Do not get variable rate loans for student loans, car notes, mortgages, or anything else for that matter. The risks that are associated with these loans far outweigh whatever upfront benefits or small incentives you might consider attractive. Do you remember the subprime and house credit crisis that happened in 2007-2008? Part of it was caused by borrowers attracted to Adjustable Rate Mortgages (ARMs), which initially offered very low-interest rates but later increased by a significant margin, triggering defaults. It is advisable that you always find out how much interest you will be required to pay over the life of a loan, and that you have a good understanding of all your obligations when it comes to monthly payments. This is a lot easier to achieve with fixed-rate loans.
Never borrow money without carefully reading the fine print. Direct payday loans lenders are transparent in what you will owe. Repayment terms or interest rates are often less favorable than most people think. The options available when it comes to debt modification could be minimal or even nonexistent.

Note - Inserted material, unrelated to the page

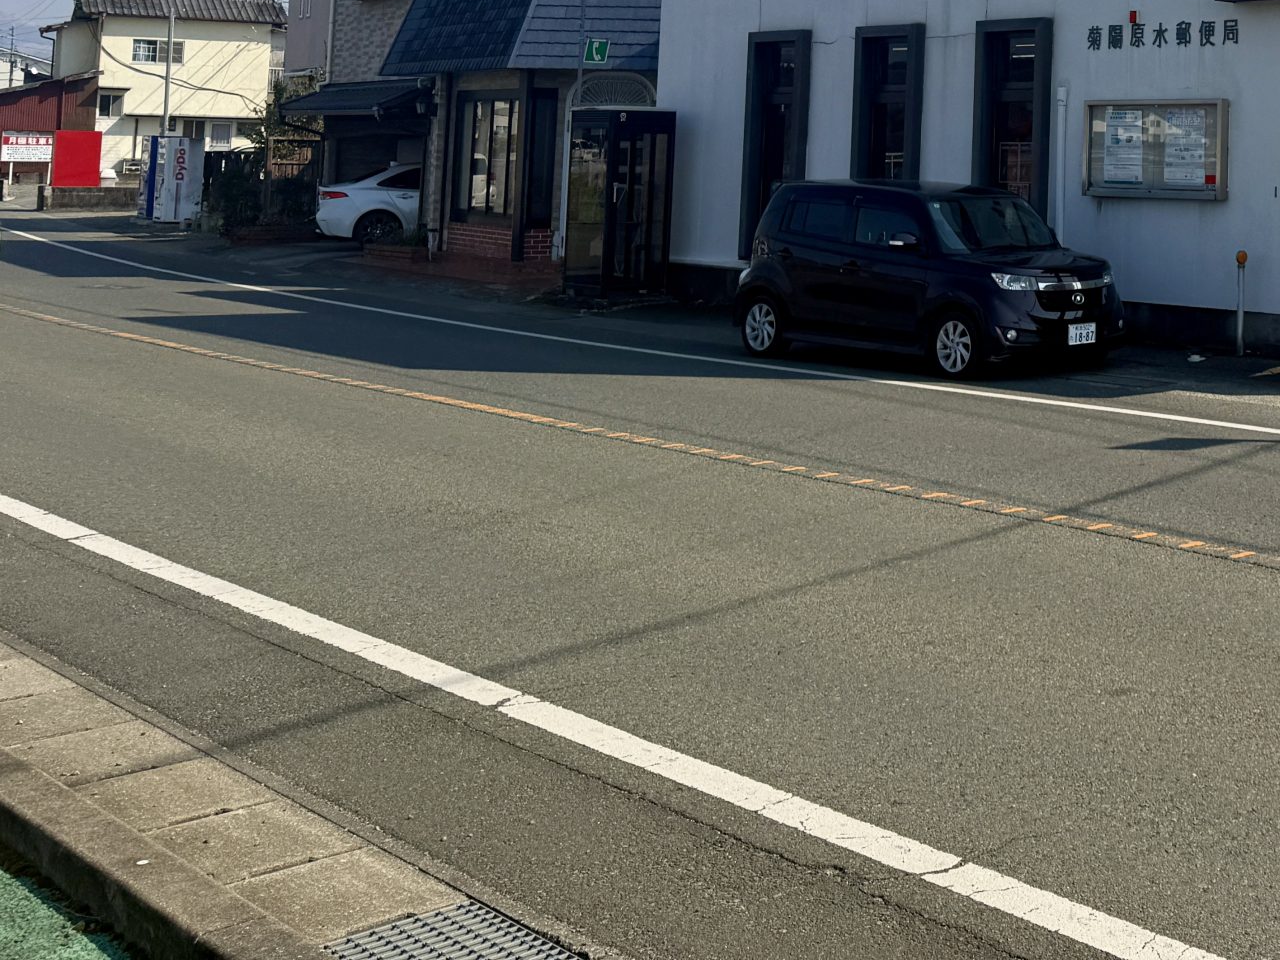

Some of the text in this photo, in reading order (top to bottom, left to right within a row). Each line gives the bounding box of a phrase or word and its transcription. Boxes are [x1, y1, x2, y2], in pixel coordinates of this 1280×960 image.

Some lenders will even place liens on some of your assets, such as property. If you do not read the fine print and understand it, these are some of the things you will miss and which will end up haunting you in the future. It’s, therefore, advised that you take your time to read through the agreement and understand it. Do not forget to ask questions. If you do not know much about consumer loans, consider contacting the CFPB or asking a professional such as an accountant or an attorney. (I once nearly had a lien placed on my property, which left me wishing that I’d taken my own advice about reading the fine print sooner.)
Do not borrow more than you can repay. While this tip sounds a bit obvious, it still gets a lot of people into trouble every year. Before borrowing any money, be absolutely sure that you will be able to pay the debt off in full. This means being certain that you have a source of income for ongoing loan repayment and that you can cut down on your budget to manage both loan repayment and settling other bills. This is why taking long-repayment terms loans such as mortgages is often a major undertaking and why seeking loans you can afford is advised.